Uma observação ainda, a propósito do ensaio de Markus Gabriel : o conceito de UNGRUND não foi cunhado por Schelling mas por Jacob BOEHME, o grande teósofo alemão ( 1575-1624) inspirador de muitos autores subsequentes, como Goethe e Novalis, além do próprio Schelling. Sugiro como fonte, além do próprio BOEHME, as obras de Alexandre KOYRÉ, LA PHILOSOPHIE DE JACOB BOEHME, Vrin, Paris 1971, p.321; ou de mais fácil leitura, Jacob Boehme, Cahiers de l'Hermétisme, Albin Michel, Paris,1977, p.189 .
O Ungrund, (Sem-fundo) é um eterno Nada, como Boehme o define no Mysterium Pansophicum, um Vazio onde se gera a Palavra de onde surgirá a criação.Sem-fundo é o nome que poder ser dado a Deus: este é o " Nada eterno", o "Nada eterno que é o Uno eterno", "o Absoluto sem essência que em si mesmo é fundamento eterno", mas o nome que mais lhe convém, diz Boehme, é "Sem-fundo", abismo sem fundo e sem fundamento.E, como observa Koyré, o Ungrund não é a causa última nem primeira do mundo, e nem sequer a sua própria causa, é o Absoluto, sem mais : " É o fundo eternamente fecundo da vida e do Absoluto, o germe absoluto que, enquanto germe, não é ainda, e não é ainda nada, mas que contém dentro de si tudo o que irá ser".
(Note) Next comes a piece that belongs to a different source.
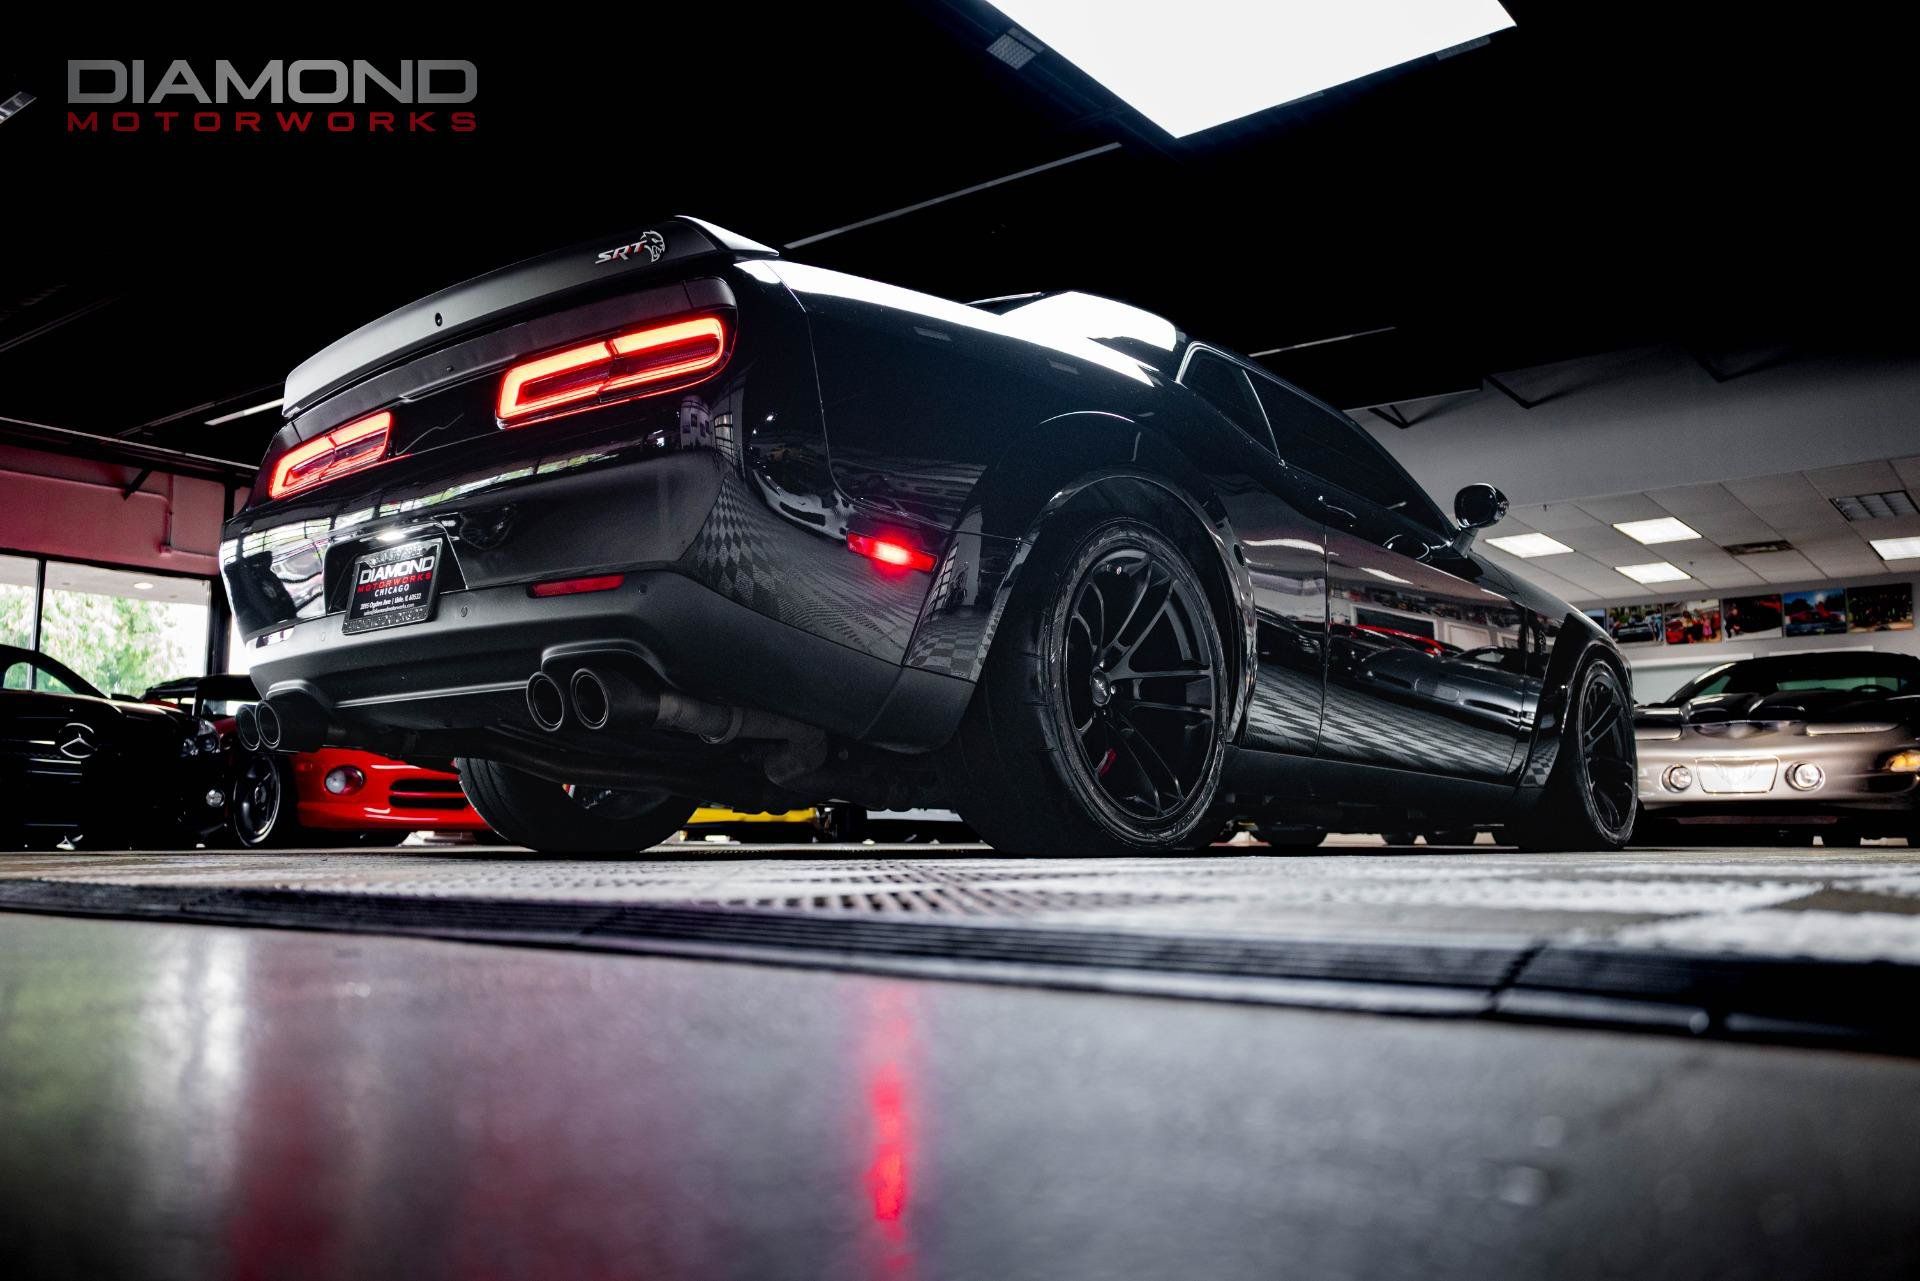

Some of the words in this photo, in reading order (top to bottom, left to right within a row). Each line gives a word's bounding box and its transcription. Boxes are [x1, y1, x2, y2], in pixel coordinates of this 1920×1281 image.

[595, 240, 647, 264] SRT
[359, 556, 435, 585] DIAMOND
[357, 572, 432, 592] MOTORWORKS
[374, 583, 410, 597] CHICAGO
Deixo uma sugestão: que se acrescente ao catálogo da Ésquilo uma tradução do I CHING, com os prefácios de Wilhelm, de Jung, e por que não, de novo o Dalai Lama.
Ou que se reimprima a obra notabilíssima do Padre Joaquim A. de Jesus Guerra : O LIVRO DAS MUTAÇÕES (publicado com o Prof. DR. Aidan Nai-kwong Poon).
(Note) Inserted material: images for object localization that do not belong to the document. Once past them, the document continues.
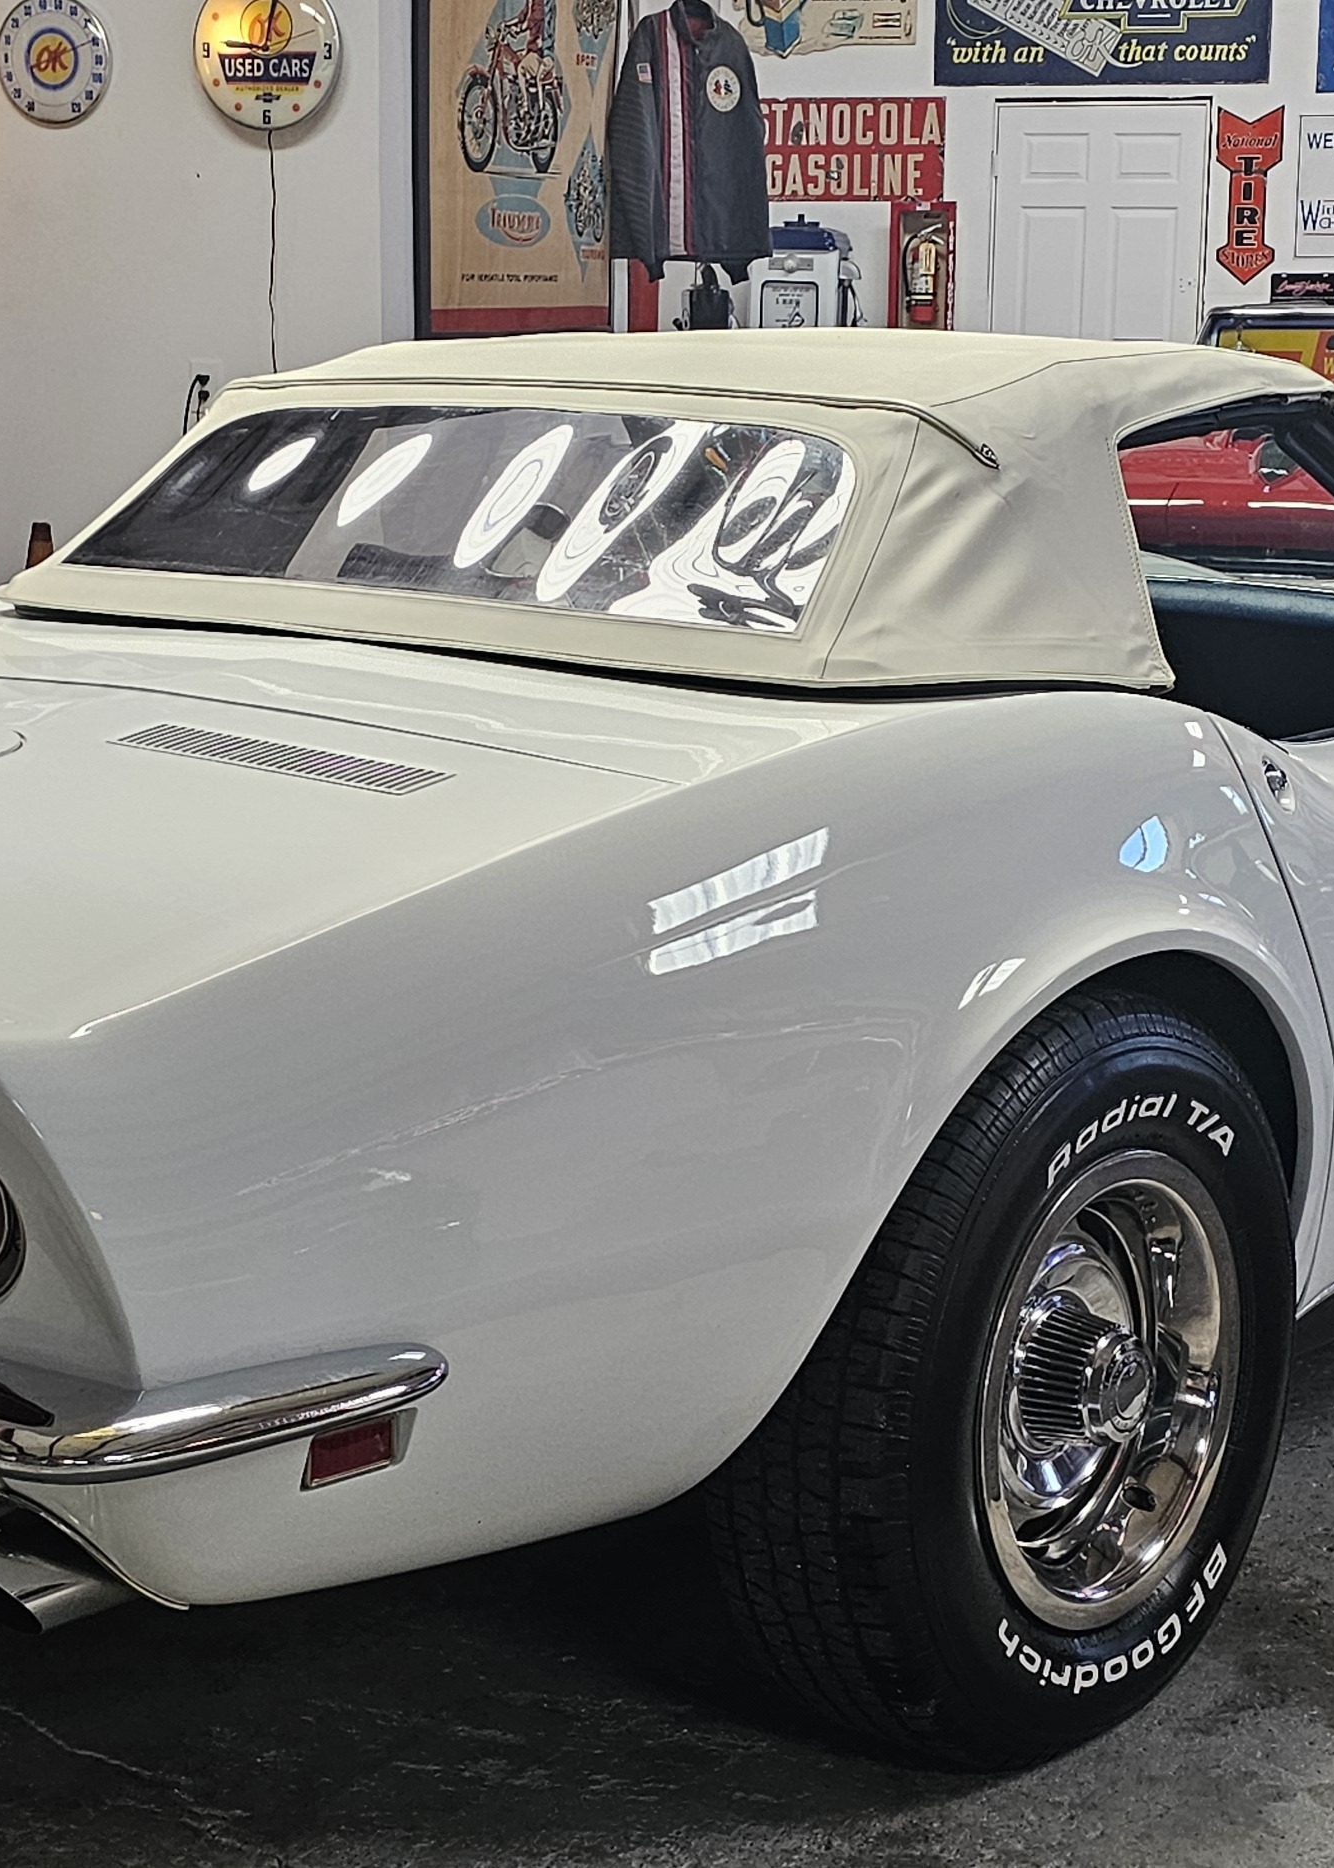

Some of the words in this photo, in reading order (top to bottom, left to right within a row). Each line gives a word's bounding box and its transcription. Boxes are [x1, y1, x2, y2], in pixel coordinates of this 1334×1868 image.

[35, 41, 69, 73] OK
[202, 42, 210, 58] 9
[324, 43, 332, 60] 3
[1013, 46, 1045, 63] an
[1119, 40, 1168, 63] that
[224, 58, 264, 77] USED
[269, 58, 310, 77] CARS
[263, 109, 271, 125] 6
[1223, 134, 1277, 147] National
[766, 153, 924, 196] GASOLINE
[1234, 155, 1262, 247] TIRE
[1222, 251, 1269, 269] STORES
[1046, 1093, 1178, 1189] Radial
[1186, 1100, 1235, 1157] T/A
[998, 1541, 1227, 1694] BFGoodrich
Wednesday, October 03, 2007
No rebanho de Caeiro
Sabemos como Fernando Pessoa cresceu à sombra de Shakespeare, Milton, Yeats, Poe, Whitman, - e toda a pléiade de filósofos do hermetismo, com destaque para Waite.
Abrindo ao acaso o Guardador de Rebanhos: o rebanho que ele pastoreia são os seus pensamentos, um pouco à deriva na juventude de Alexander Search, em que o universo interrogado, quando interrogado assusta, omitindo respostas.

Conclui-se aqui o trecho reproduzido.